Humoral response after BNT162b2 mRNA COVID-19 vaccination in patients on haemodialysis depends on immune status

Didier Ducloux 1,, Mathilde Colladant 1, Melchior Chabannes 1, Maria Yannaraki 1, Cécile Courivaud 1
PMCID: PMC8344545  PMID: 34603705

Dialysis patients are at increased risk of severe coronavirus disease 2019 (COVID-19) infections [1]. Although these patients are obviously a high priority for vaccination, there are some concerns concerning the efficacy of vaccines. Indeed, dialysis patients are considered to be less prone to respond to vaccines [2]. However, few data exist concerning humoral response to severe acute respiratory syndrome coronavirus 2 (SARS-CoV-2) vaccination with BNT162b2 (Pfizer-BioNTech) in patients on haemodialysis (HD). However, about 90% of HD patients exhibit antibody positivity after two injections of vaccine [3–5]. Nevertheless, factors associated with poor response are not well described.

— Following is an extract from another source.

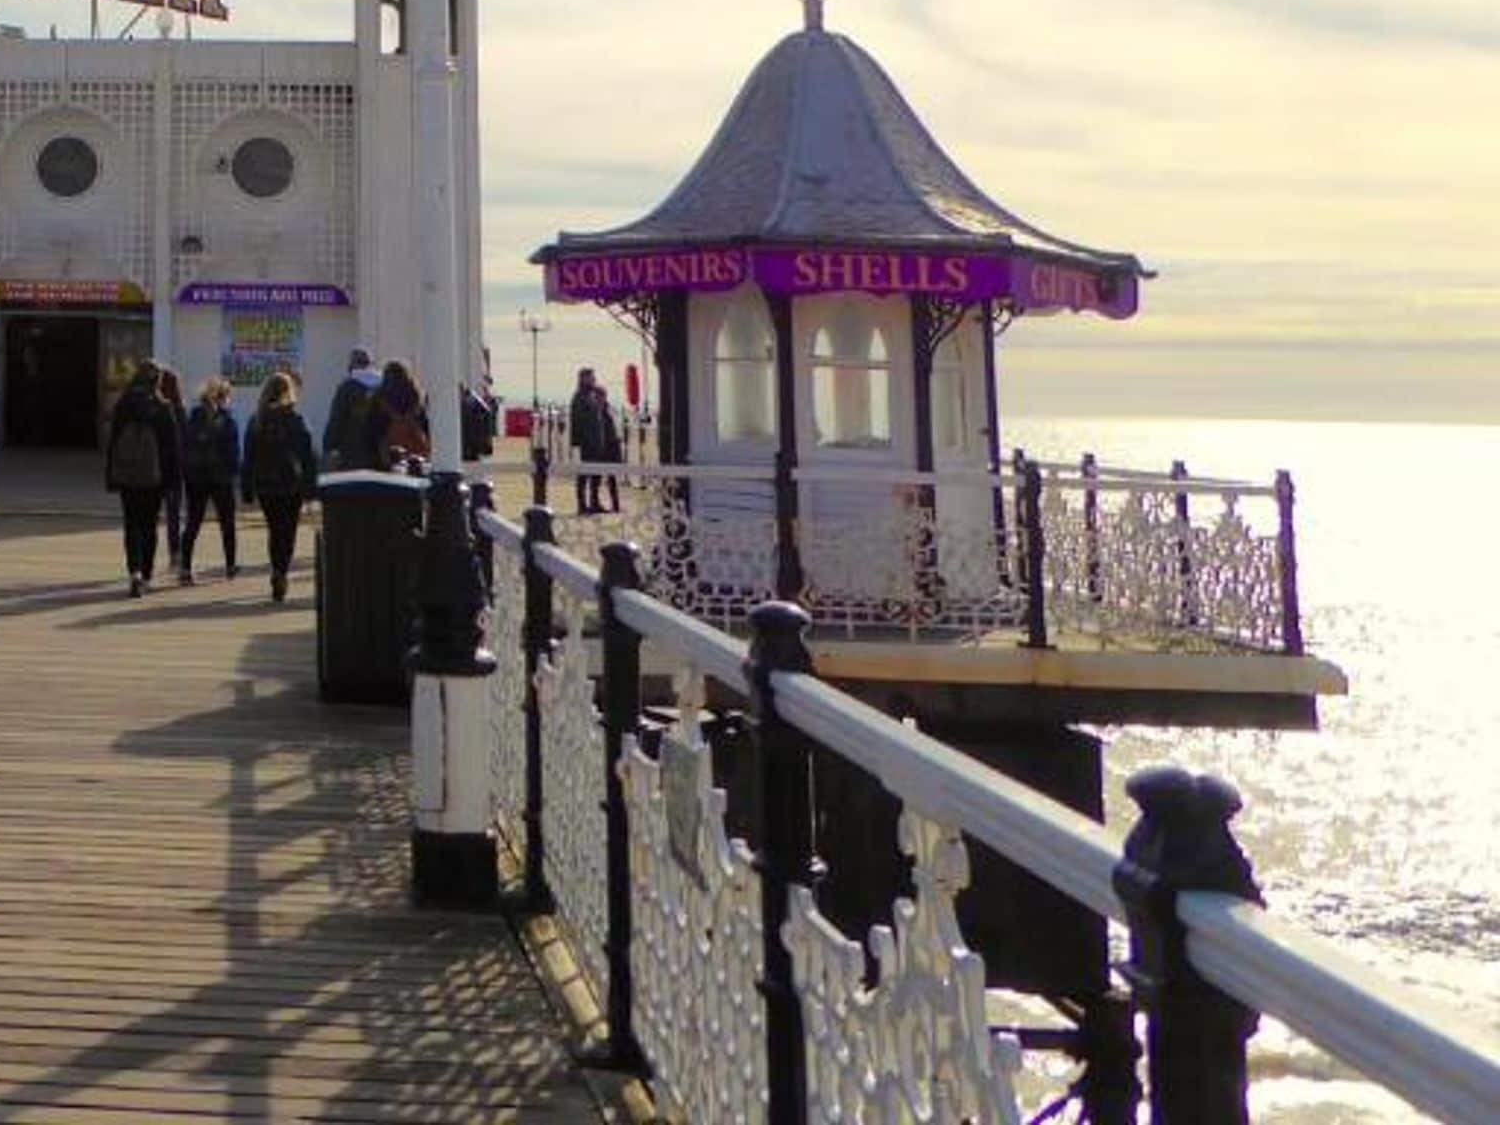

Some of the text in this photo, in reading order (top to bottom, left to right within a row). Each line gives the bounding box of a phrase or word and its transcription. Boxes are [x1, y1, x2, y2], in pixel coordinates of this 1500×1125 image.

[561, 248, 743, 291] SOUVENIRS
[793, 253, 968, 292] SHELLS
[1030, 264, 1098, 302] GIFTS

We studied 50 HD patients who were COVID-19 naïve (no clinical history, negative serology) and 15 HD patients with a history of COVID-19 infections. All the patients received two doses of the BNT162b2 mRNA COVID-19 vaccine. Humoral response (SARS-CoV-2 immunoassay, Abbott®) and factors associated with this response were studied. As a relevant threshold cannot be determined, we used that provided by the manufacturer and a more empirical defined by a value above the first quartile of results (224 UA/mL).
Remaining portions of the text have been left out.